### EXERCISE DETAILS
In your copy, repeat the records exactly and leave out the pictures.

### Collected data entries
------------------------------

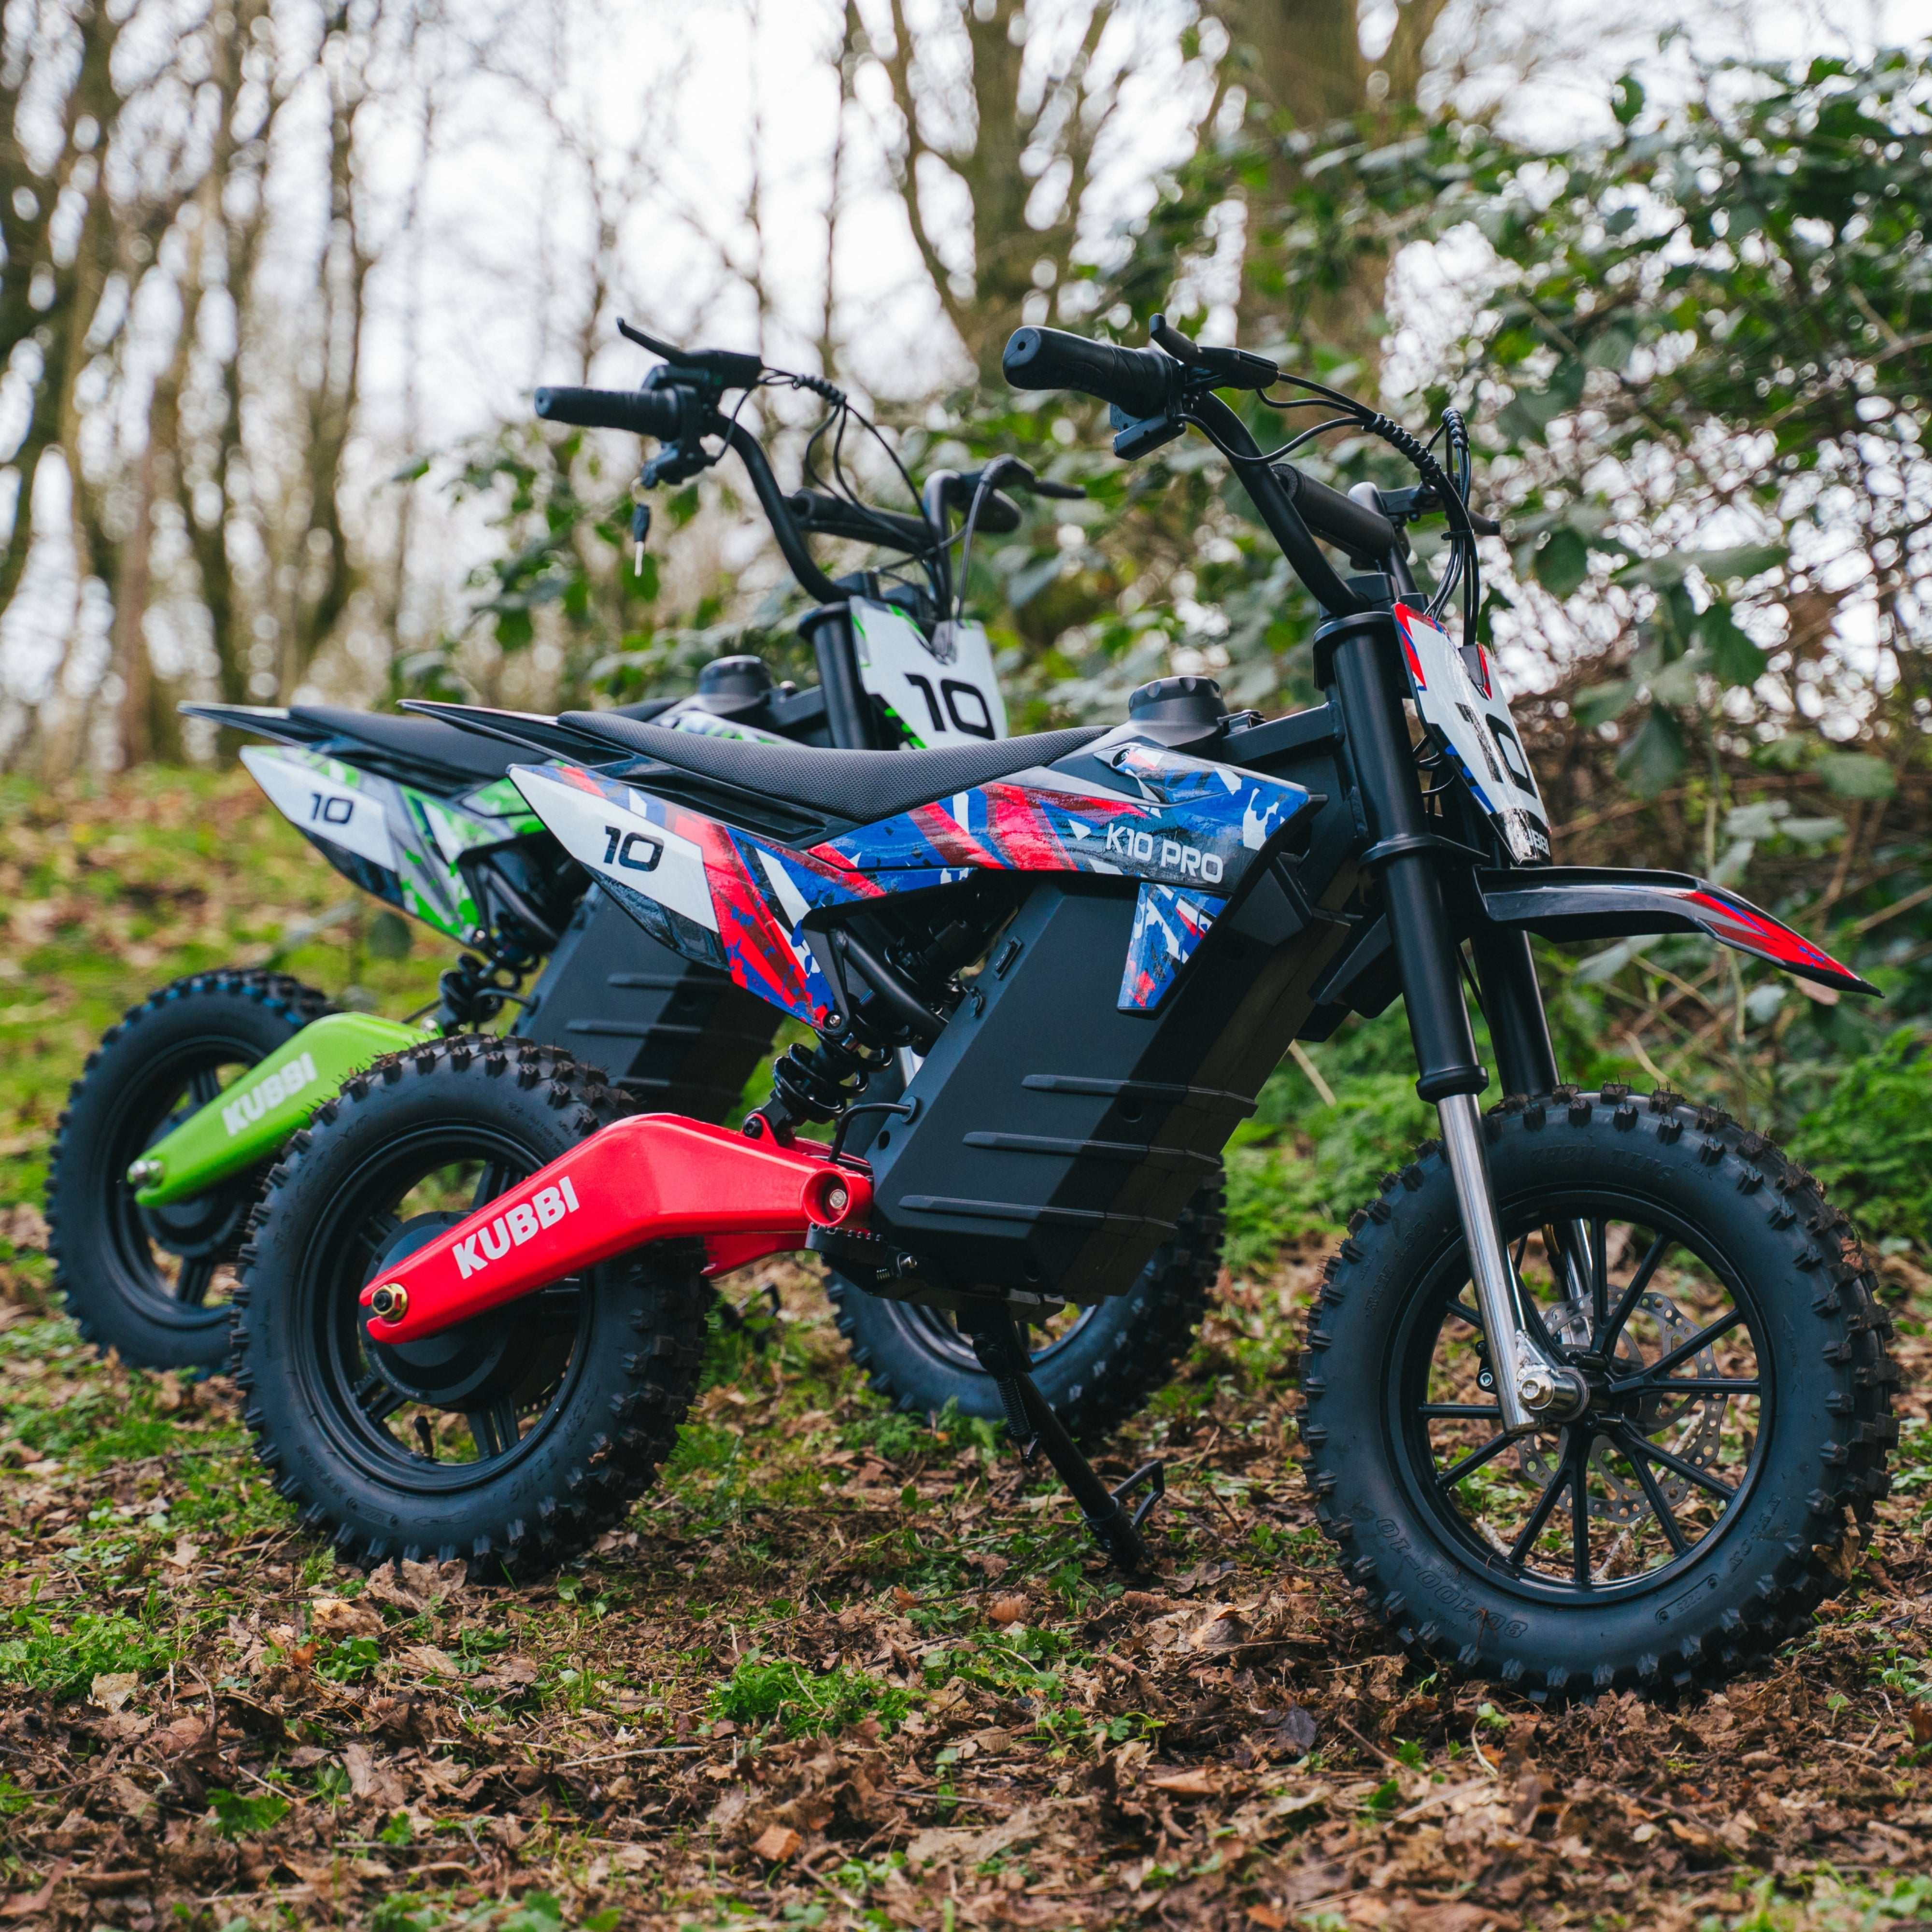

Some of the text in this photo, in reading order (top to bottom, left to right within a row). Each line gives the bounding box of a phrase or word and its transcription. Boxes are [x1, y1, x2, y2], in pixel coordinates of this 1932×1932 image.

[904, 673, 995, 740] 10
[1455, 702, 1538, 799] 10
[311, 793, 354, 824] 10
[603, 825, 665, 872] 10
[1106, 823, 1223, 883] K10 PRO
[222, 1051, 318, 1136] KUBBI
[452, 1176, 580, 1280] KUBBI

------------------------------

### ANSWER BOX
Some of the text in this photo, in reading order (top to bottom, left to right within a row). Each line gives the bounding box of a phrase or word and its transcription. Boxes are [x1, y1, x2, y2], in pixel coordinates of this 1932×1932 image.

[904, 673, 995, 740] 10
[1455, 702, 1538, 799] 10
[311, 793, 354, 824] 10
[603, 825, 665, 872] 10
[1106, 823, 1223, 883] K10 PRO
[222, 1051, 318, 1136] KUBBI
[452, 1176, 580, 1280] KUBBI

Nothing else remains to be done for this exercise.